Carwow is the highly disruptive platform for buying and selling new and used cars. Starting out in 2013, Carwow has grown to 200 employees, making it Europe’s 6th fastest growing companies according to the FT’1000 survey for 2018. Carwow’s COO Andrew Hooks shares what he’s learnt scaling one of the most successful marketplaces.
Already established in the UK and Germany, Carwow is now looking to expand into France and Spain.
According to Andrew, Carwow’s North Star is to provide “car confidence” for consumers. By using the platform, consumers can specify the type of car they want to buy. They can then choose from dealer offers based on price, location and service. Every car sold triggers a flat fee payment from dealers to Carwow.
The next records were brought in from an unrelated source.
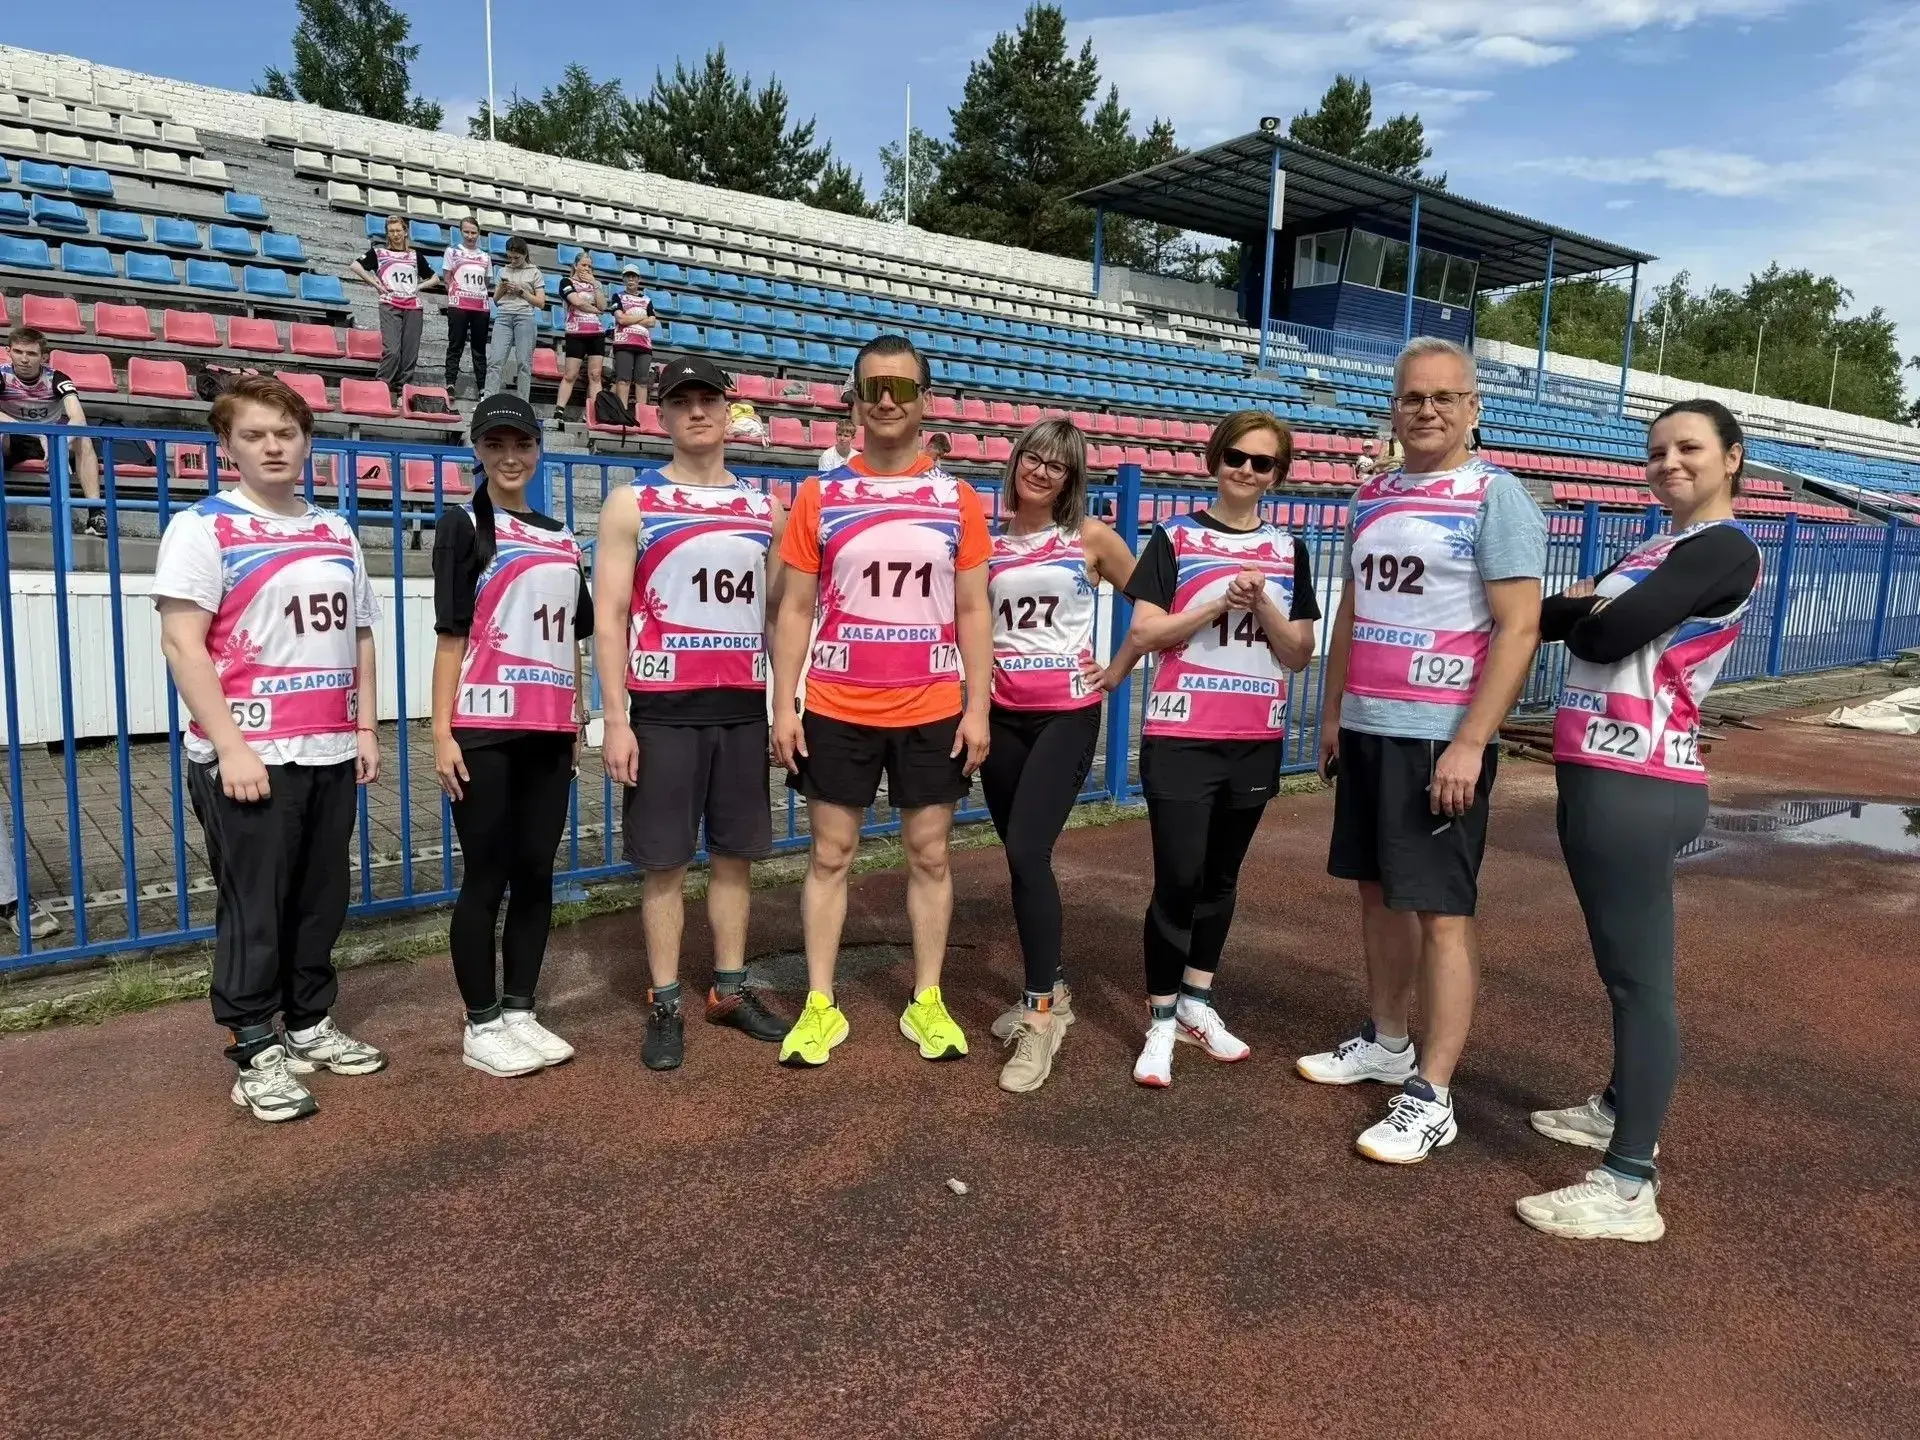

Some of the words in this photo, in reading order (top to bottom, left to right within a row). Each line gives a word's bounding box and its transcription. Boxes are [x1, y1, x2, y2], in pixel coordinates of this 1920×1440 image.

[392, 271, 413, 284] 121
[463, 273, 484, 285] 110
[691, 568, 755, 604] 164
[862, 560, 933, 598] 171
[1360, 553, 1425, 595] 192
[284, 591, 348, 636] 159
[533, 603, 576, 643] 11
[998, 595, 1060, 631] 127
[664, 635, 759, 650] ХАБАРОВСК
[841, 626, 938, 642] ХАБАРОВСК
[635, 653, 670, 679] 164
[818, 644, 848, 669] 171
[1003, 657, 1077, 671] БАРОВСК
[259, 672, 352, 694] ХАБАРОВСК
[504, 667, 574, 688] ХАБАОВС
[1412, 654, 1465, 686] 192
[463, 687, 509, 714] 111
[1151, 694, 1187, 719] 144
[230, 701, 266, 729] 59
[1271, 702, 1287, 726] 14
[1587, 720, 1640, 757] 122
Traffic wise, Carwow gets in excess of 2 million views per month for their reviews and an incredible 17 million monthly views of their YouTube channel. So this makes it bigger than Top Gear. Although rather than watching car races across the Kalahari desert, their viewers want to know how many bags you can fit in the back of a VW Golf!
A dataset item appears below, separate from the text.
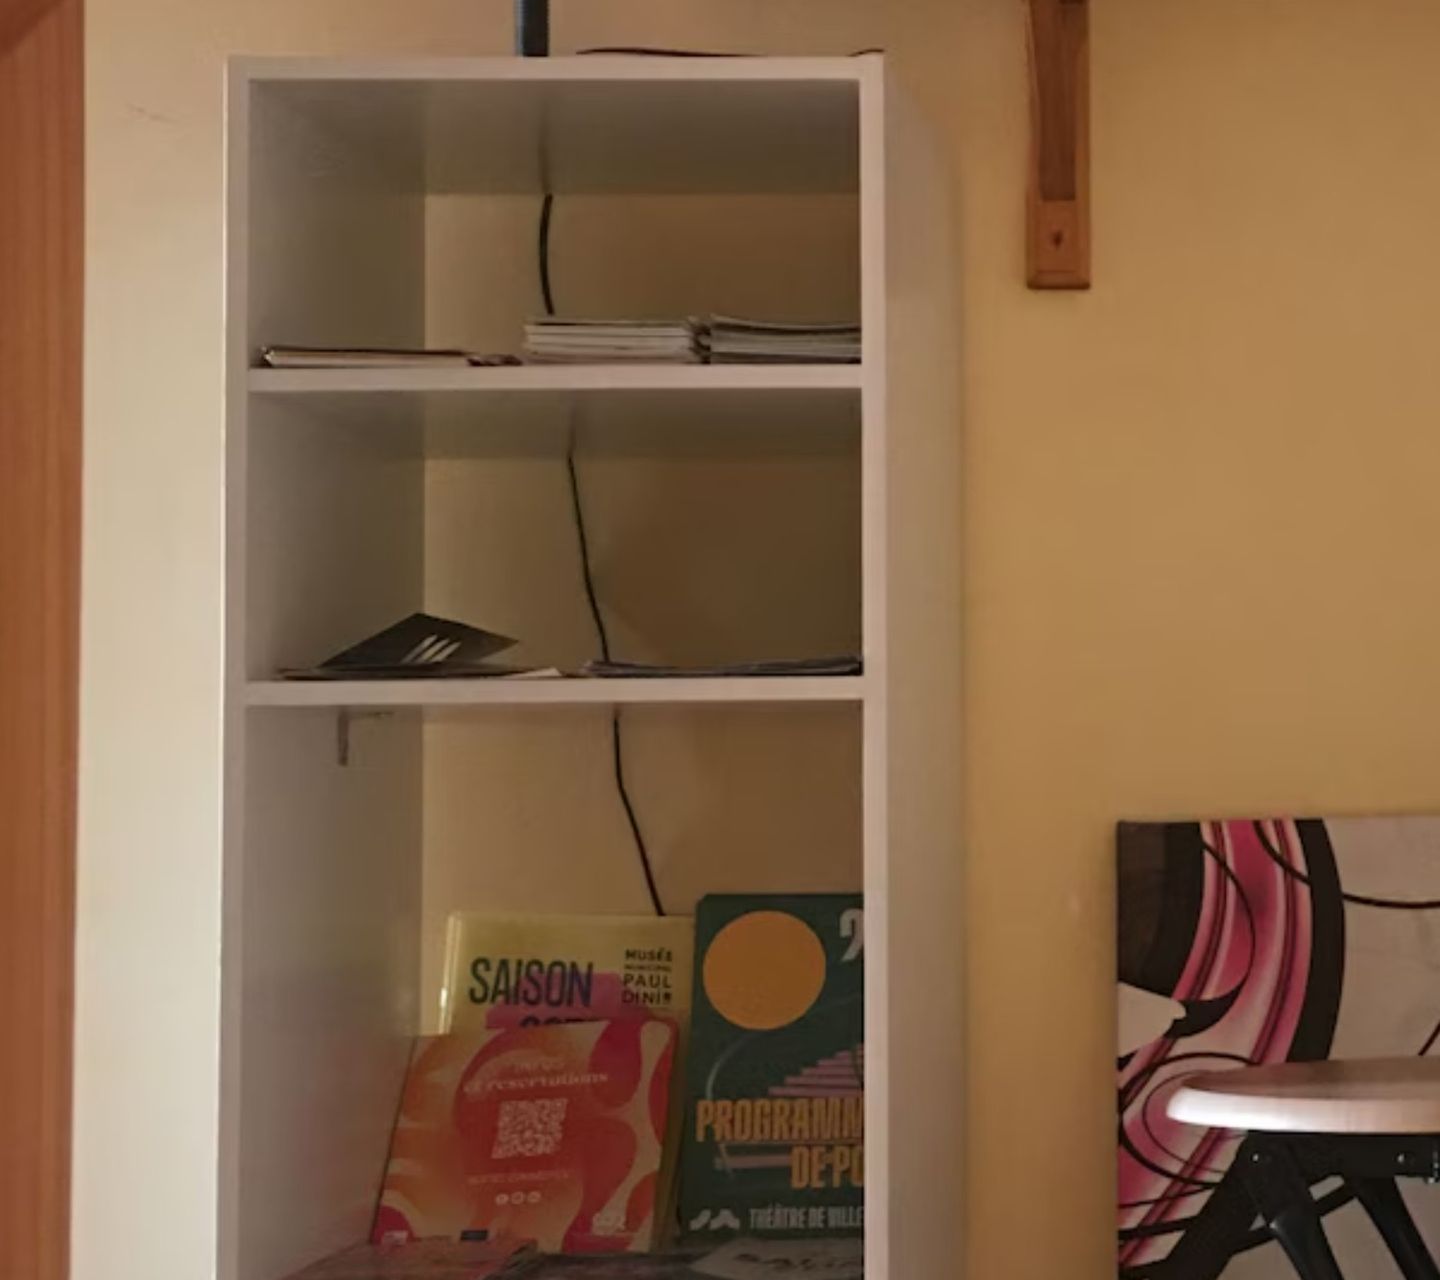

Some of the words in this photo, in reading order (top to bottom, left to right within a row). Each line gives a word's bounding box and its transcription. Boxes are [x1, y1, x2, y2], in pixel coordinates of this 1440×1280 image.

At Marketplaces Connect 2018, Andrew shared “5 lessons” that he has learned along the way at Carwow, Gumtree and eBay…
1. Don’t be afraid to disrupt
Disrupting the market should be part of your DNA. And don’t be surprised if you get a hostile reaction from traditional players. Sometimes you have to need to hold your nerve, stay true to yourself and do the right thing for the consumer. Andrew described how some car dealers were initially banned from dealing with Carwow by a manufacturer, who later backed down when it was pointed out to them that this represented an anti-competitive practice.
2. Resist the temptations of a kid in a sweetshop
As your brand becomes successful and you have “money in the bank”, it’s very easy to become distracted by business ideas relating to adjacent markets. The danger is that you can spread yourself too thinly. Therefore, Andrew advises to stay focused on your key operational metrics.
3. Don’t take people management as a given
When growing rapidly, it can be tempting to give relatively inexperienced people large teams to manage. But if you don’t invest early on in coaching your people managers, you create problems further down the road.
4. Make sure you really understand what drives liquidity
When you look to replicate your success in a new market, it’s important to understand the drivers of liquidity. Sometimes this can vary in different markets. For example, when Carwow launched in Germany, the distance between the consumer and the closest dealer turned out to be the most important thing. And when the team concentrated on a handful of brands and locations, the German business suddenly took off.
5. Empower your team to know your customer
It is key that your team has a personal understanding of the problems they are trying to solve. Sometimes you need to find creative ways to do that, such as when you are running a car buying site and find that hardly anyone in your enthusiastic team of millennials has ever bought a car!